◆ EXERCISE OBJECTIVE
Restate the following data in its entirety, word for word and without images.

== AVAILABLE DATA ==

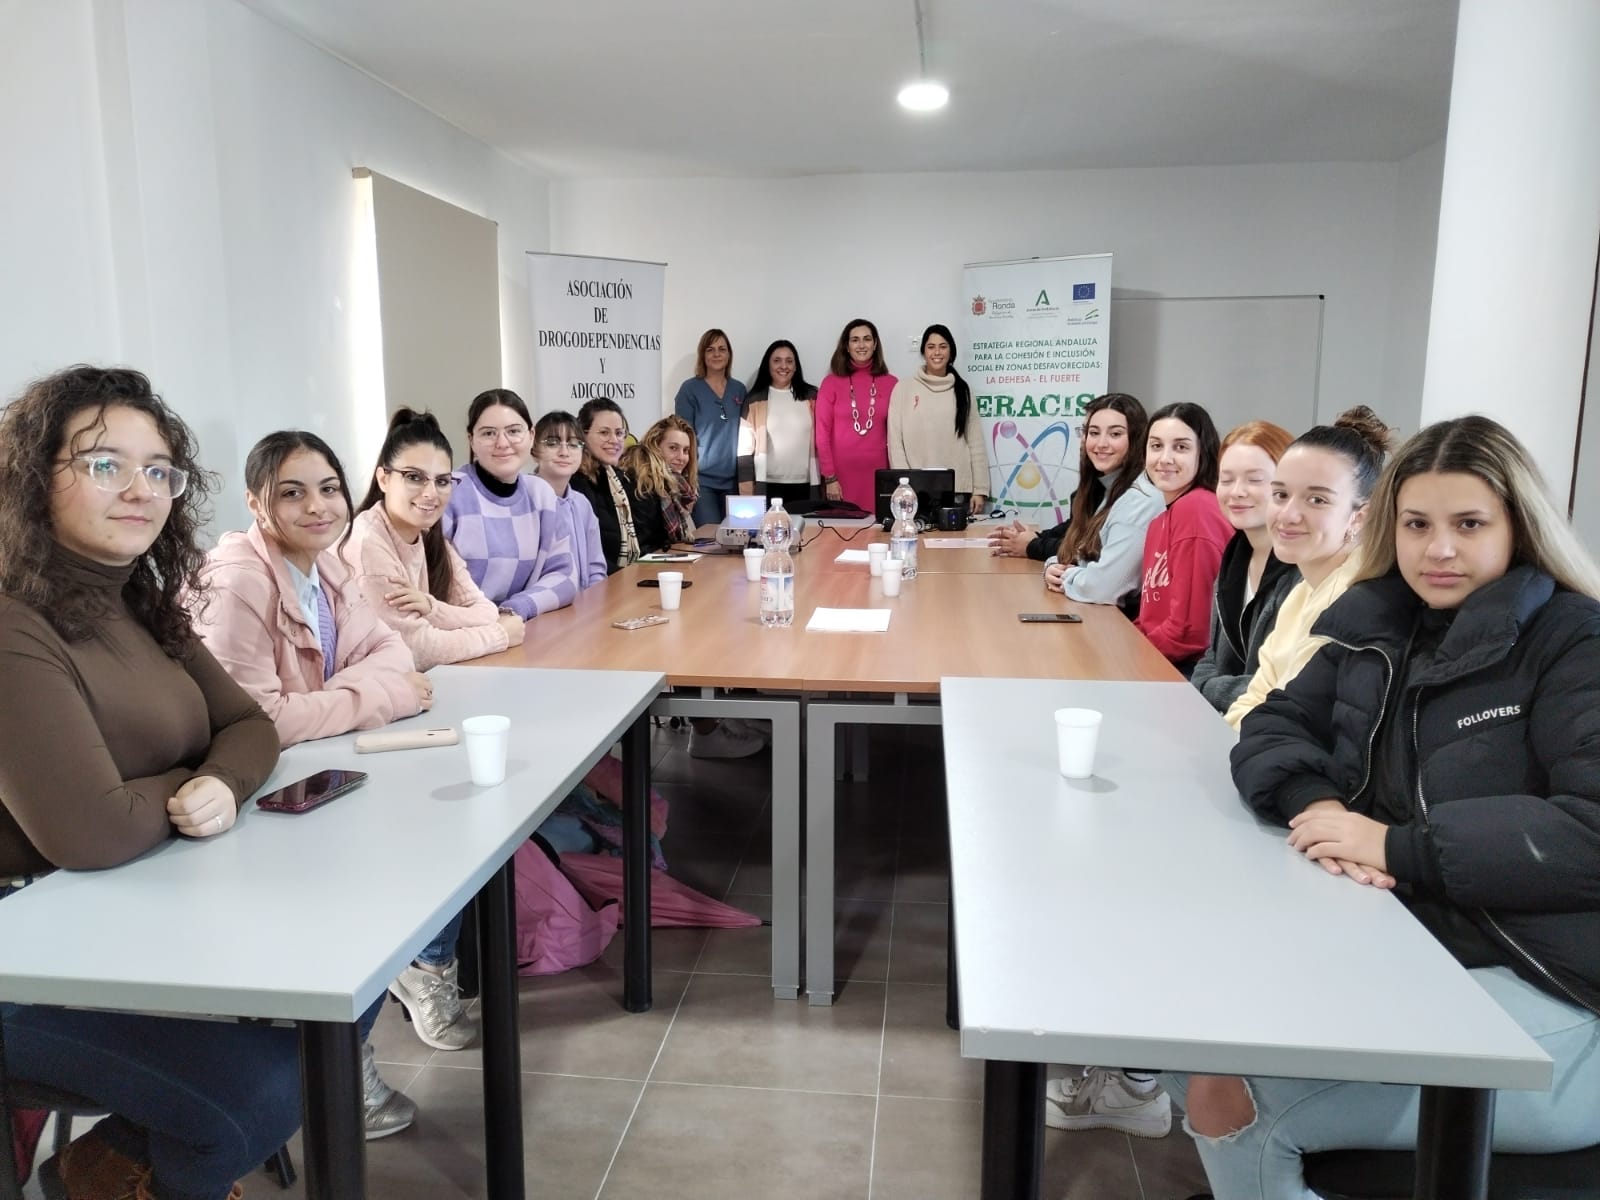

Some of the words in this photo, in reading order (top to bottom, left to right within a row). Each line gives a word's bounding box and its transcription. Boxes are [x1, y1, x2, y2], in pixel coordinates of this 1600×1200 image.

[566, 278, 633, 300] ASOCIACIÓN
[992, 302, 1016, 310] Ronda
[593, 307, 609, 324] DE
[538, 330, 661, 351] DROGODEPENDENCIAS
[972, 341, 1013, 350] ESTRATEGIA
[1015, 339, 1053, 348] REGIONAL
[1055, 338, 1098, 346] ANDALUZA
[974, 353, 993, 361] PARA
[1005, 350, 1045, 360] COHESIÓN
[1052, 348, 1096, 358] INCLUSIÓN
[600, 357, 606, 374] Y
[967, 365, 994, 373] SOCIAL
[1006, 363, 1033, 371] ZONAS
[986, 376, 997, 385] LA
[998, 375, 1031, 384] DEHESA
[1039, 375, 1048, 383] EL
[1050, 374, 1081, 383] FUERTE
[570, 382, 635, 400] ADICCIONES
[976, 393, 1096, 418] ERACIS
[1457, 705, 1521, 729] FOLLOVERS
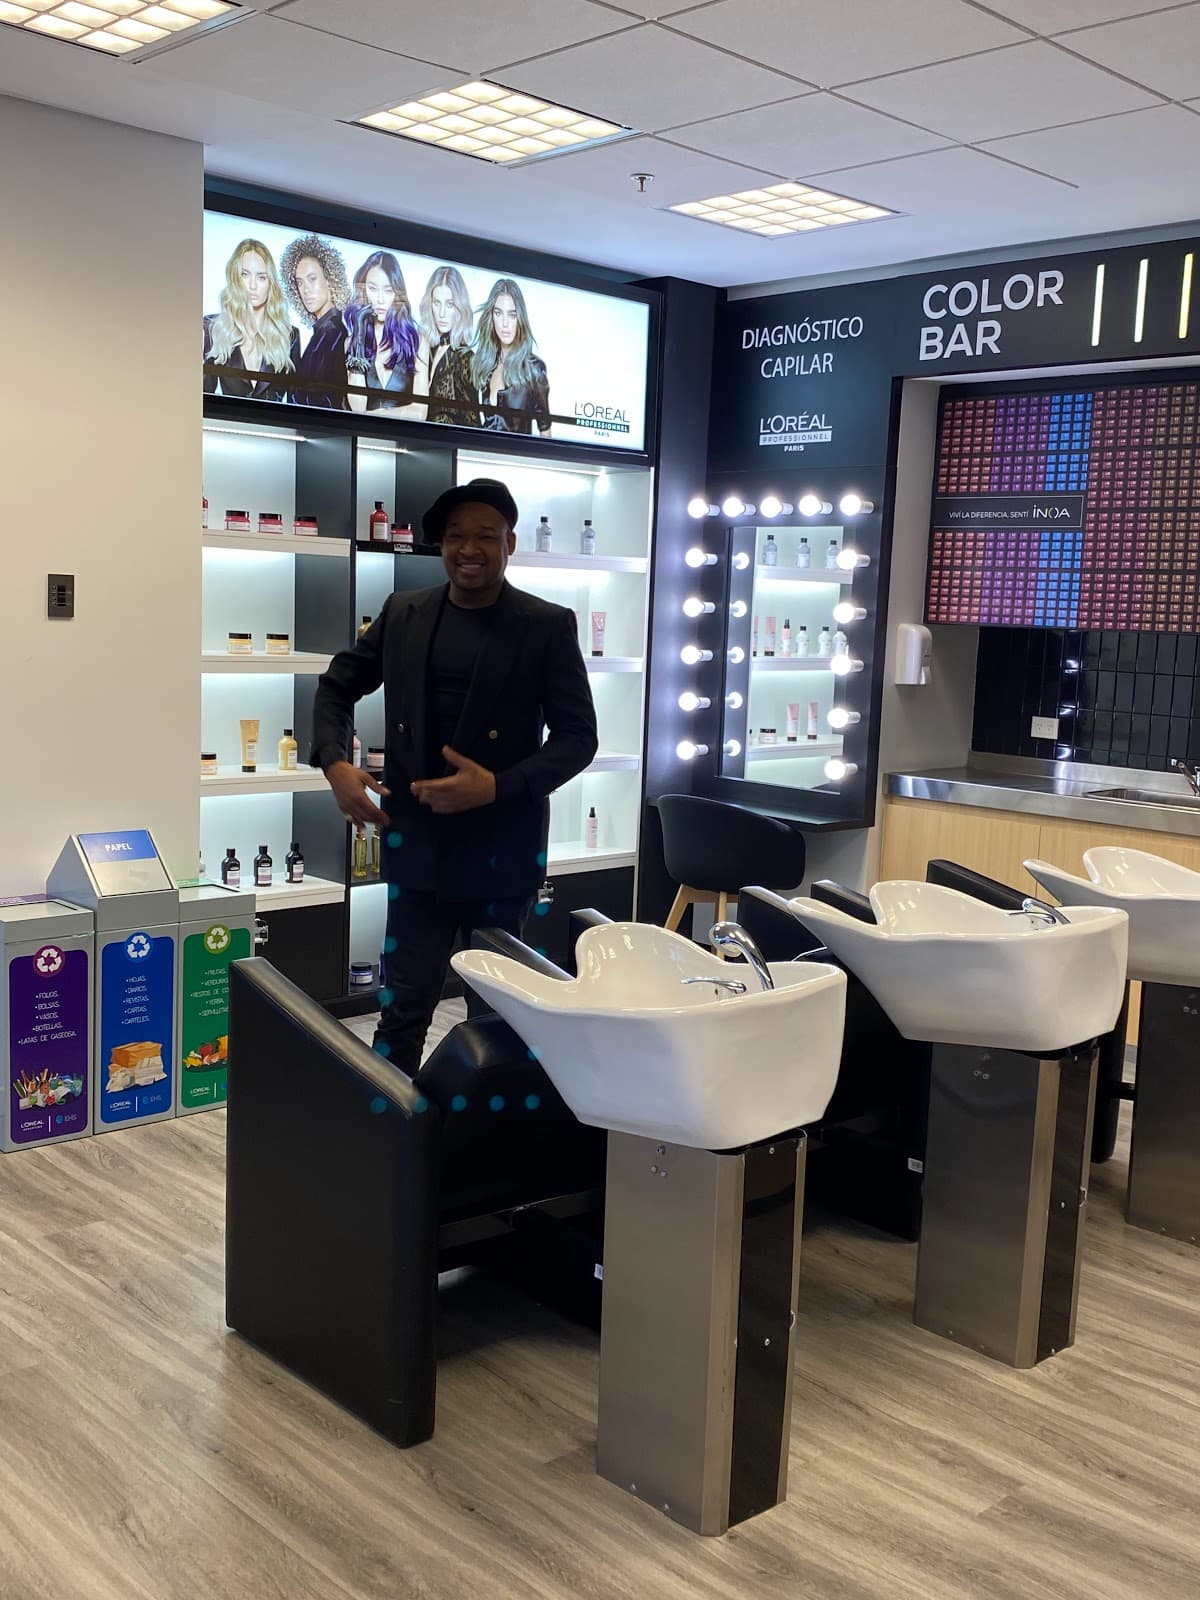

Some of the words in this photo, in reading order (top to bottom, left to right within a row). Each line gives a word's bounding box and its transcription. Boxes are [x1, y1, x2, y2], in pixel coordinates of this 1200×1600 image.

===

◆ PROBLEM SOLUTION
Some of the words in this photo, in reading order (top to bottom, left to right within a row). Each line gives a word's bounding box and its transcription. Boxes are [x1, y1, x2, y2], in pixel coordinates of this 1600×1200 image.

[566, 278, 633, 300] ASOCIACIÓN
[992, 302, 1016, 310] Ronda
[593, 307, 609, 324] DE
[538, 330, 661, 351] DROGODEPENDENCIAS
[972, 341, 1013, 350] ESTRATEGIA
[1015, 339, 1053, 348] REGIONAL
[1055, 338, 1098, 346] ANDALUZA
[974, 353, 993, 361] PARA
[1005, 350, 1045, 360] COHESIÓN
[1052, 348, 1096, 358] INCLUSIÓN
[600, 357, 606, 374] Y
[967, 365, 994, 373] SOCIAL
[1006, 363, 1033, 371] ZONAS
[986, 376, 997, 385] LA
[998, 375, 1031, 384] DEHESA
[1039, 375, 1048, 383] EL
[1050, 374, 1081, 383] FUERTE
[570, 382, 635, 400] ADICCIONES
[976, 393, 1096, 418] ERACIS
[1457, 705, 1521, 729] FOLLOVERS

Some of the words in this photo, in reading order (top to bottom, left to right within a row). Each line gives a word's bounding box and its transcription. Boxes are [x1, y1, x2, y2], in pixel coordinates of this 1200×1600 image.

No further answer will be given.